### Exercise
An exact copy of every entry is needed, without the pictures.

### Supplied records
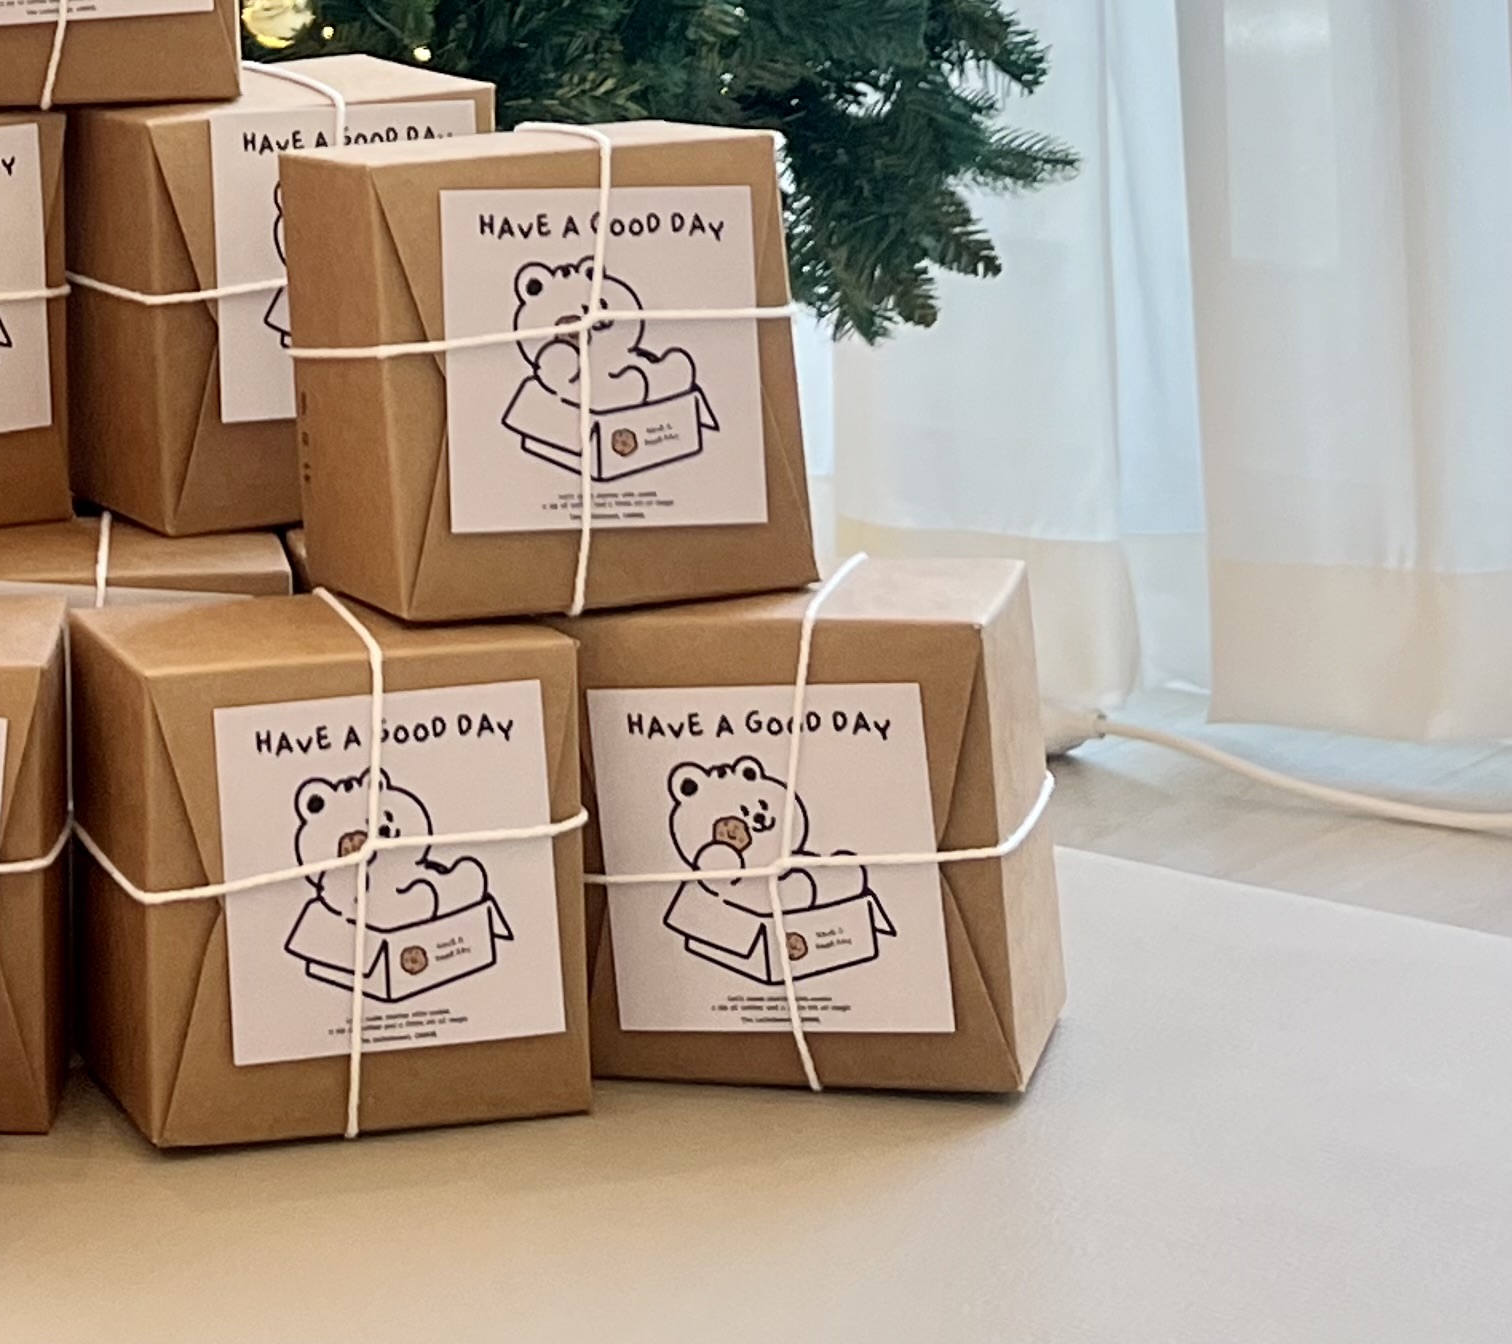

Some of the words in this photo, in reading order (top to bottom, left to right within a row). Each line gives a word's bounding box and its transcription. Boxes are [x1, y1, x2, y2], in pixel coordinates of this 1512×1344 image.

[243, 129, 305, 156] HAVE
[315, 130, 329, 148] A
[406, 125, 453, 142] DA
[479, 213, 551, 240] HAVE
[562, 215, 580, 238] A
[671, 212, 724, 242] DAY
[255, 725, 331, 756] HAVE
[344, 725, 361, 751] A
[457, 713, 513, 741] DAY
[627, 712, 703, 739] HAVE
[716, 714, 734, 738] A
[832, 711, 890, 741] DAY

### Solution
Some of the words in this photo, in reading order (top to bottom, left to right within a row). Each line gives a word's bounding box and its transcription. Boxes are [x1, y1, x2, y2], in pixel coordinates of this 1512×1344 image.

[243, 129, 305, 156] HAVE
[315, 130, 329, 148] A
[406, 125, 453, 142] DA
[479, 213, 551, 240] HAVE
[562, 215, 580, 238] A
[671, 212, 724, 242] DAY
[255, 725, 331, 756] HAVE
[344, 725, 361, 751] A
[457, 713, 513, 741] DAY
[627, 712, 703, 739] HAVE
[716, 714, 734, 738] A
[832, 711, 890, 741] DAY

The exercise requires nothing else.